After deciding to go to sleep without tending to the fire, Ralph, nursing his swollen cheek from the previous night's attack in which Piggy's glasses were stolen, awakens at dawn and begins blowing into the cold embers, hoping that some spark is still burning. However the result is only to have ash blown into his eyes, mirroring the incident on the mountain earlier in which he, Jack and Roger investigated the presence of the beast.
Piggy urges him to call yet another assembly even though nobody is left except for Samneric. Ralph, though doubtful as to the necessity of this, at last agrees and blows hard into the conch. The four of them talk about how all of the problems of the island are to be blamed on Jack. Ralph insists that he would have given Jack fire to use if he had only asked rather than stealing the glasses; their not getting rescued due to the lack of a signal fire is blamed on Jack, as is the murder of Simon, in which the four of them had taken part as well.

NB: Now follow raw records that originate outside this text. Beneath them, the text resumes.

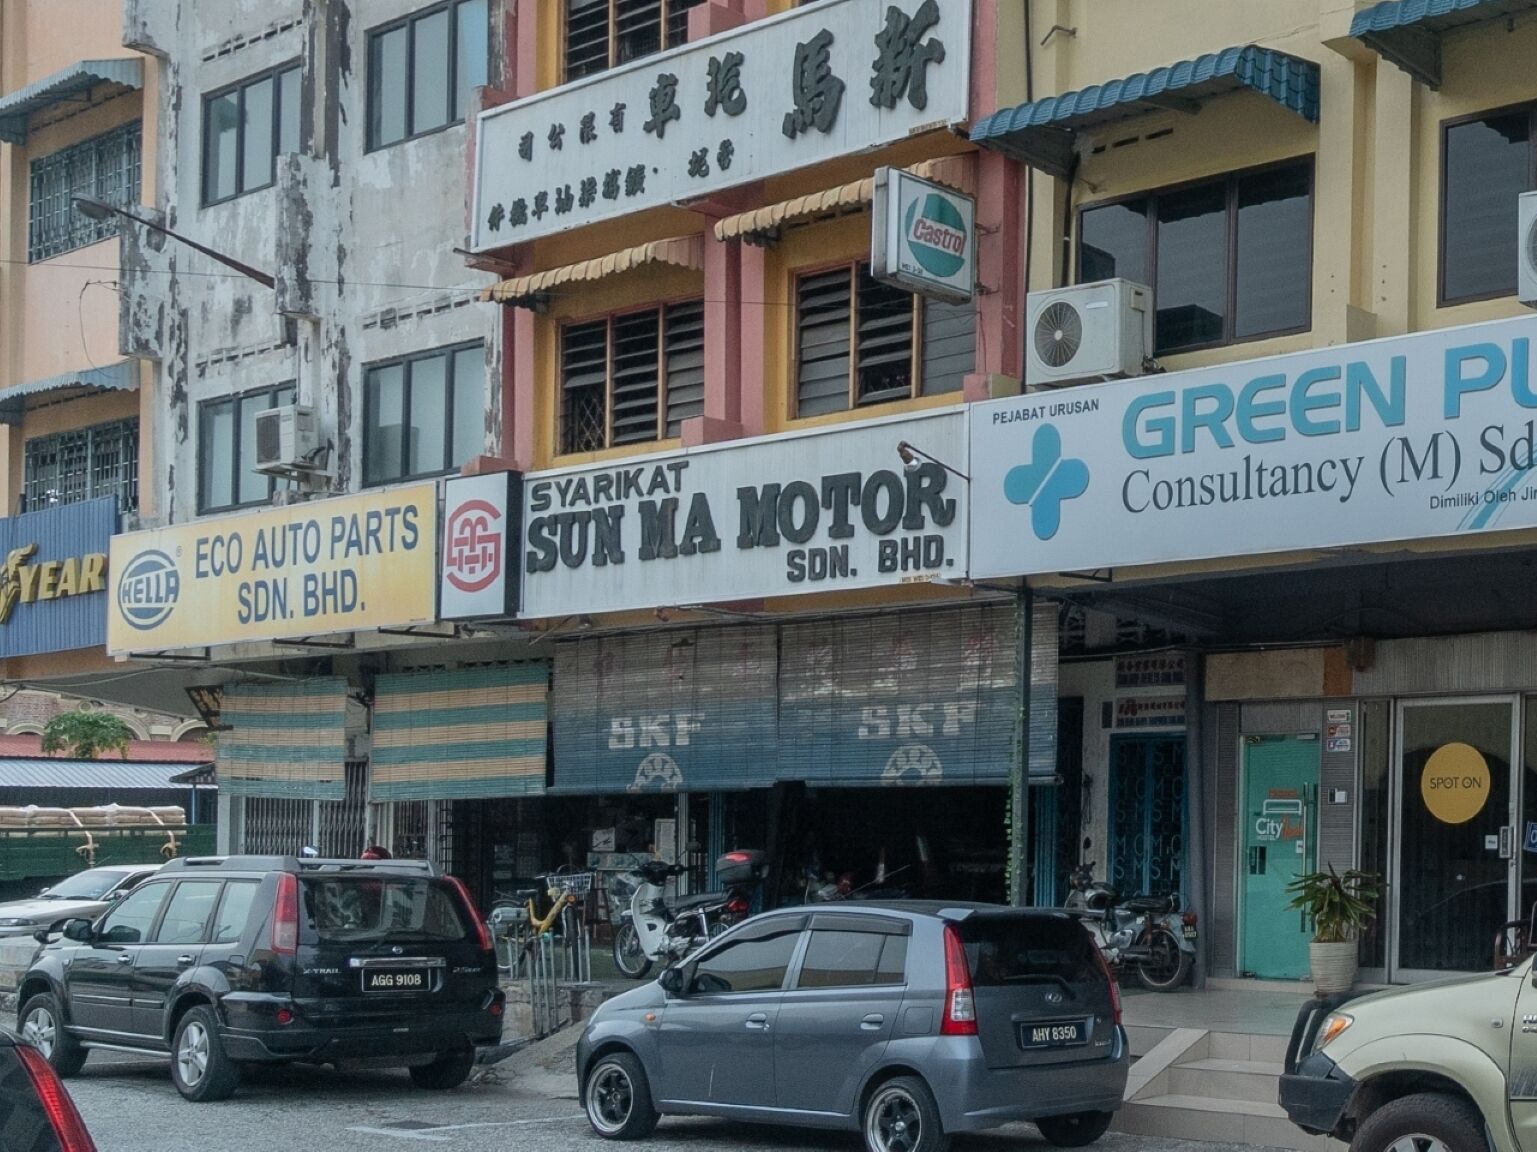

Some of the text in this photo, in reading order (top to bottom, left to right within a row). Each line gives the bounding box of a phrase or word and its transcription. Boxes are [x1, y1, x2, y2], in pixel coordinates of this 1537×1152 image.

[913, 217, 967, 257] Castrol
[992, 398, 1100, 426] PEJABAT URUSAN
[1120, 355, 1407, 460] GREEN
[530, 460, 690, 513] SYARIKAT
[1121, 448, 1366, 515] Consultancy
[1378, 429, 1462, 495] (M)
[526, 504, 626, 575] SUN
[637, 492, 722, 562] MA
[736, 461, 957, 550] MOTOR
[1429, 491, 1479, 510] Dimiliki
[1484, 488, 1517, 504] Oleh
[194, 532, 243, 579] ECO
[251, 519, 321, 572] AUTO
[329, 504, 420, 560] PARTS
[786, 534, 955, 583] SDN. BHD.
[18, 552, 107, 603] YEAR
[121, 568, 180, 605] HELLA
[237, 567, 366, 625] SDN. BHD.
[607, 711, 706, 751] SKF
[858, 701, 977, 740] SKF
[1430, 776, 1482, 790] SPOT ON
[1255, 817, 1284, 839] City
[370, 973, 422, 987] AGG 9108
[1032, 1025, 1078, 1042] AHY 8350

Piggy dismisses all of this, saying: "'This is 'jus talk....I want my glasses.'" Chapter 11, pg. 155. He, as always, propels Ralph (who is described earlier as comparable to "a chess player") into action. Ralph speaks about going up to the Castle Rock where Jack has established the base for his tribe: "'[We should be] looking like we used to, washed and hair brushed -- after all we aren't savages really....'" Chapter 11, pg. 155. Here he clings again to the old nostalgia of his dreams and his yearning for home and things civilized. Though this is a symbolic gesture for their adherence to civilized behaviors, Piggy dismisses it all, seizing up the conch in order to speak, saying he is going to go up the mountain, without a spear, and walk right up to Jack and demand that his glasses back. Piggy's old timidity has completely left, as he speaks without fear. As he talks, "[a] single drop of water that had escaped Piggy's fingers now flashed on the delicate curve [of the shell] like a star." Chapter 11, pg. 156. The mention of a star here recalls the description of stars earlier, when they reflected off the dead body of Simon as it was swept out into the ocean. The remaining four boys leave to visit Castle Rock, on a mission to retrieve Piggy's glasses.

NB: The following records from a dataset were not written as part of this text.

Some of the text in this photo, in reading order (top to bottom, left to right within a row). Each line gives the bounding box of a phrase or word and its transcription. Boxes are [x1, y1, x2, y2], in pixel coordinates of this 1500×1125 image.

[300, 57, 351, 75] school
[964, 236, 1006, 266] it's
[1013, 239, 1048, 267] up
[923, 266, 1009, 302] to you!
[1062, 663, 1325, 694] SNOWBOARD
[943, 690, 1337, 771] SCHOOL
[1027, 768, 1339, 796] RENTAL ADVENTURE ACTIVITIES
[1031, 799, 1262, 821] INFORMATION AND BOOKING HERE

Topic Tracking: Intellectual 12
As the boys approach, the thin line of a cooking fire is visible overhead and Roger stops them at the entrance. Ralph ignores his command to turn back and declares that once more he is calling an assembly, much in contrast to his earlier doubts on the beach about the futility of such action. Roger begins tossing rocks at Samneric, "aiming to miss" just as he had done with Percival, Johnny and Henry when they were building sand castles on the beach. Now at Castle Rock, this activity is repeated again. Jack is suddenly seen emerging from the forest with two other hunters, all three "masked in black and green." Chapter 11, pg. 160. Just returning from the hunt, "Behind them on the grass the headless and paunched body of a sow lay where they had dropped it." Chapter 11, pg. 160
Upon seeing this, Piggy begins to yell nervously. Jack and Ralph enter an argument about Piggy's glasses and the two begin to fight, swinging spears at one another, their language mirroring each anothers, the one saying, "Come on then" and the other saying, "Come on" and later, "You come on and see what you get" responded by, "You come on." They fight alike and act alike. Their struggle and scuffle is much akin to that small incident of the twins, Samneric, fighting earlier. Piggy attempts to maintain Ralph's focus and, fearing for his own safety, shouts out: "'Ralph -- remember what we came for. The fire. My specs.'" Chapter 11, pg. 161 and once more Ralph attempts to regain his senses. Caught between these two elements, Piggy and his logic versus Jack and his savagery, Ralph struggles to stop fighting and begins again with his old jargon, talking about the need for a signal fire in order to be rescued.
Topic Tracking: Government 13
Topic Tracking: Pig 8
Samneric are suddenly seized at Jack's command by his hunters and "Samneric protested out of the heart of civilization, 'Oh, I say!' '-honestly!'" Chapter 11, pg. 163. Here the two twins are both taken prisoner by the savages. Now Ralph screams out, calling out to Jack: "'You're a beast and a swine and a bloody, bloody thief!'" Chapter 11, pg. 163. As the two prepare to fight again, Piggy steps in suddenly in one last attempt to restore reason to the group, holding the conch aloft. "Let me speak...I got the conch," he says and even as he begins his monologue, Roger has already begun dropping stones upon him--this time not aiming to miss. "'Which is better--to be a pack of painted Indians like you are, or to be sensible like Ralph is....Which is better--to have laws and agree, or to hunt and kill?'" Chapter 11, pg. 164. Now, rather than speaking through Ralph as he has done thus far, Piggy himself speaks and attempts to lead. However, at this moment Roger presses down on a lever set in place beneath a large boulder and it falls slowly--"[t]he rock struck Piggy a glancing blow from chin to knee; the conch exploded into a thousand white fragments and ceased to exist." Chapter 11, pg. 164. "Piggy's arms and legs twitched a bit, like a pig's after it has been killed." Chapter 11, pg. 165. After he falls far down to the beach his dead body, as with the body of Simon, is sucked out to sea by the waves.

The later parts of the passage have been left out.